*** Task inputs ***

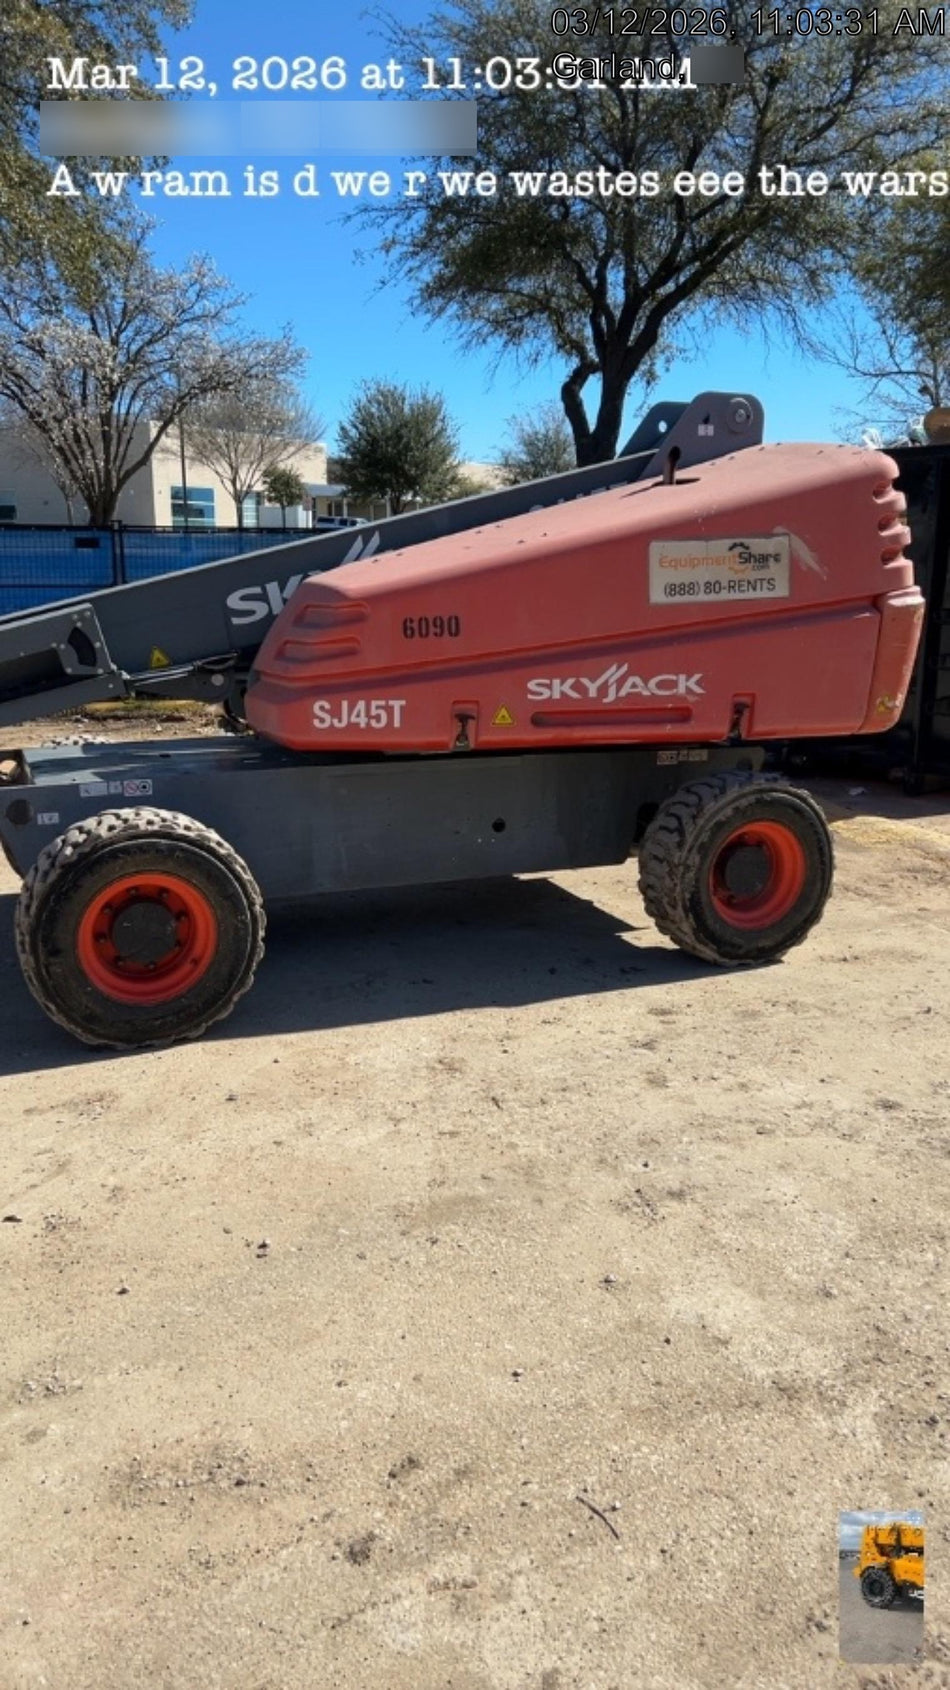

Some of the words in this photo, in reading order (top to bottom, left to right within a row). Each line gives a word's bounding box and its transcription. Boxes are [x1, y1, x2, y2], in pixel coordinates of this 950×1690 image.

[659, 552, 781, 569] EquipmentShare
[664, 581, 700, 597] (888)
[703, 578, 776, 595] 80-RENTS
[403, 615, 461, 639] 6090
[527, 663, 705, 703] SKYJACK
[312, 700, 406, 728] SJ45T

*** End of Task inputs ***

§ What is expected
What is needed is an exact copy of the entries above, with no images in it.

§ Task output
Some of the words in this photo, in reading order (top to bottom, left to right within a row). Each line gives a word's bounding box and its transcription. Boxes are [x1, y1, x2, y2], in pixel coordinates of this 950×1690 image.

[659, 552, 781, 569] EquipmentShare
[664, 581, 700, 597] (888)
[703, 578, 776, 595] 80-RENTS
[403, 615, 461, 639] 6090
[527, 663, 705, 703] SKYJACK
[312, 700, 406, 728] SJ45T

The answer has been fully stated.